All records are to be restated exactly, each line as it reads.

Record excerpts:
□ □ □ □
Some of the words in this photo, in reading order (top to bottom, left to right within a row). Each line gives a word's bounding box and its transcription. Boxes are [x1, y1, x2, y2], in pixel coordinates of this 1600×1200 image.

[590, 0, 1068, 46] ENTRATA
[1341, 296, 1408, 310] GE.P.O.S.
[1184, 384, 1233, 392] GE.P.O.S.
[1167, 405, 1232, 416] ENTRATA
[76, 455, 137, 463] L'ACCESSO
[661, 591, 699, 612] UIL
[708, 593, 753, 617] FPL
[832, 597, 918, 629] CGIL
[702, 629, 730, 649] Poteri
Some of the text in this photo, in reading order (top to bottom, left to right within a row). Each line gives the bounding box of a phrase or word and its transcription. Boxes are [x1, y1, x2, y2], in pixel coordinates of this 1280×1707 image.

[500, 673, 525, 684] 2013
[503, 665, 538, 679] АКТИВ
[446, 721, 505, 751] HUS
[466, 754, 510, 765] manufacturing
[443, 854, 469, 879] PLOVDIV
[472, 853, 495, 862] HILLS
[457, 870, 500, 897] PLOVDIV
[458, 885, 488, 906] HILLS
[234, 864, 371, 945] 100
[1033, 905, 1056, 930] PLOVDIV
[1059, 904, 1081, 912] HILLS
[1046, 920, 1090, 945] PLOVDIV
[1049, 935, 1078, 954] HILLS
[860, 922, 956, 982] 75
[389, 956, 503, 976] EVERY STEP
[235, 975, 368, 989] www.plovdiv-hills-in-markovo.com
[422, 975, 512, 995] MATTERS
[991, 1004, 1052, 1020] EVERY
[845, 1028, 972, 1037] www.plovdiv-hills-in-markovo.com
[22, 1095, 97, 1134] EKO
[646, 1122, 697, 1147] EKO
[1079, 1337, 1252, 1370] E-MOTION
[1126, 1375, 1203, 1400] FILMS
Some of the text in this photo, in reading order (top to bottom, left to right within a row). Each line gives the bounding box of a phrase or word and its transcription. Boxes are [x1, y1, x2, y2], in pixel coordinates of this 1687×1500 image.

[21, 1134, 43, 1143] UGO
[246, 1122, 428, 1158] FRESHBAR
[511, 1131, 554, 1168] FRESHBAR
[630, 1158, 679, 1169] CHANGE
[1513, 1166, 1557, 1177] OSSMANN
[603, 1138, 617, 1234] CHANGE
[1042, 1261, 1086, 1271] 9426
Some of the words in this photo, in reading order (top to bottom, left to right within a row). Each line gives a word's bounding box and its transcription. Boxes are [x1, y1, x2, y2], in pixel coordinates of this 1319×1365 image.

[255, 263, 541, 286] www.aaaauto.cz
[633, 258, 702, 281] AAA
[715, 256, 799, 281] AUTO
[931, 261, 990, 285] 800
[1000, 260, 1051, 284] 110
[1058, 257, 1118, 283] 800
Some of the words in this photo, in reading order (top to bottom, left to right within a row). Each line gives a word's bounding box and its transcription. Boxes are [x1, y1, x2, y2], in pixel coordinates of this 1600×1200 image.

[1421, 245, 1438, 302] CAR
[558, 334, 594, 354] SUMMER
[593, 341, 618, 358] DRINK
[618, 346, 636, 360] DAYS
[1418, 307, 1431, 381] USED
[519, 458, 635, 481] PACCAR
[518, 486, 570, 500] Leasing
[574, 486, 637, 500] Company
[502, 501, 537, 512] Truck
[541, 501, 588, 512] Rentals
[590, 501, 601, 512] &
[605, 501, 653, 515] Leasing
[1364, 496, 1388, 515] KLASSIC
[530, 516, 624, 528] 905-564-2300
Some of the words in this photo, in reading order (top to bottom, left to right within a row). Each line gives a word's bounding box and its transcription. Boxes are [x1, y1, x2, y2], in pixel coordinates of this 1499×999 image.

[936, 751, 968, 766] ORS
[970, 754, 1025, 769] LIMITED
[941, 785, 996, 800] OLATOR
□ □ □ □
Answer to this problem:
Some of the words in this photo, in reading order (top to bottom, left to right within a row). Each line gives a word's bounding box and its transcription. Boxes are [x1, y1, x2, y2], in pixel coordinates of this 1600×1200 image.

[590, 0, 1068, 46] ENTRATA
[1341, 296, 1408, 310] GE.P.O.S.
[1184, 384, 1233, 392] GE.P.O.S.
[1167, 405, 1232, 416] ENTRATA
[76, 455, 137, 463] L'ACCESSO
[661, 591, 699, 612] UIL
[708, 593, 753, 617] FPL
[832, 597, 918, 629] CGIL
[702, 629, 730, 649] Poteri
Some of the text in this photo, in reading order (top to bottom, left to right within a row). Each line gives the bounding box of a phrase or word and its transcription. Boxes are [x1, y1, x2, y2], in pixel coordinates of this 1280×1707 image.

[500, 673, 525, 684] 2013
[503, 665, 538, 679] АКТИВ
[446, 721, 505, 751] HUS
[466, 754, 510, 765] manufacturing
[443, 854, 469, 879] PLOVDIV
[472, 853, 495, 862] HILLS
[457, 870, 500, 897] PLOVDIV
[458, 885, 488, 906] HILLS
[234, 864, 371, 945] 100
[1033, 905, 1056, 930] PLOVDIV
[1059, 904, 1081, 912] HILLS
[1046, 920, 1090, 945] PLOVDIV
[1049, 935, 1078, 954] HILLS
[860, 922, 956, 982] 75
[389, 956, 503, 976] EVERY STEP
[235, 975, 368, 989] www.plovdiv-hills-in-markovo.com
[422, 975, 512, 995] MATTERS
[991, 1004, 1052, 1020] EVERY
[845, 1028, 972, 1037] www.plovdiv-hills-in-markovo.com
[22, 1095, 97, 1134] EKO
[646, 1122, 697, 1147] EKO
[1079, 1337, 1252, 1370] E-MOTION
[1126, 1375, 1203, 1400] FILMS
Some of the text in this photo, in reading order (top to bottom, left to right within a row). Each line gives the bounding box of a phrase or word and its transcription. Boxes are [x1, y1, x2, y2], in pixel coordinates of this 1687×1500 image.

[21, 1134, 43, 1143] UGO
[246, 1122, 428, 1158] FRESHBAR
[511, 1131, 554, 1168] FRESHBAR
[630, 1158, 679, 1169] CHANGE
[1513, 1166, 1557, 1177] OSSMANN
[603, 1138, 617, 1234] CHANGE
[1042, 1261, 1086, 1271] 9426
Some of the words in this photo, in reading order (top to bottom, left to right within a row). Each line gives a word's bounding box and its transcription. Boxes are [x1, y1, x2, y2], in pixel coordinates of this 1319×1365 image.

[255, 263, 541, 286] www.aaaauto.cz
[633, 258, 702, 281] AAA
[715, 256, 799, 281] AUTO
[931, 261, 990, 285] 800
[1000, 260, 1051, 284] 110
[1058, 257, 1118, 283] 800
Some of the words in this photo, in reading order (top to bottom, left to right within a row). Each line gives a word's bounding box and its transcription. Boxes are [x1, y1, x2, y2], in pixel coordinates of this 1600×1200 image.

[1421, 245, 1438, 302] CAR
[558, 334, 594, 354] SUMMER
[593, 341, 618, 358] DRINK
[618, 346, 636, 360] DAYS
[1418, 307, 1431, 381] USED
[519, 458, 635, 481] PACCAR
[518, 486, 570, 500] Leasing
[574, 486, 637, 500] Company
[502, 501, 537, 512] Truck
[541, 501, 588, 512] Rentals
[590, 501, 601, 512] &
[605, 501, 653, 515] Leasing
[1364, 496, 1388, 515] KLASSIC
[530, 516, 624, 528] 905-564-2300
Some of the words in this photo, in reading order (top to bottom, left to right within a row). Each line gives a word's bounding box and its transcription. Boxes are [x1, y1, x2, y2], in pixel coordinates of this 1499×999 image.

[936, 751, 968, 766] ORS
[970, 754, 1025, 769] LIMITED
[941, 785, 996, 800] OLATOR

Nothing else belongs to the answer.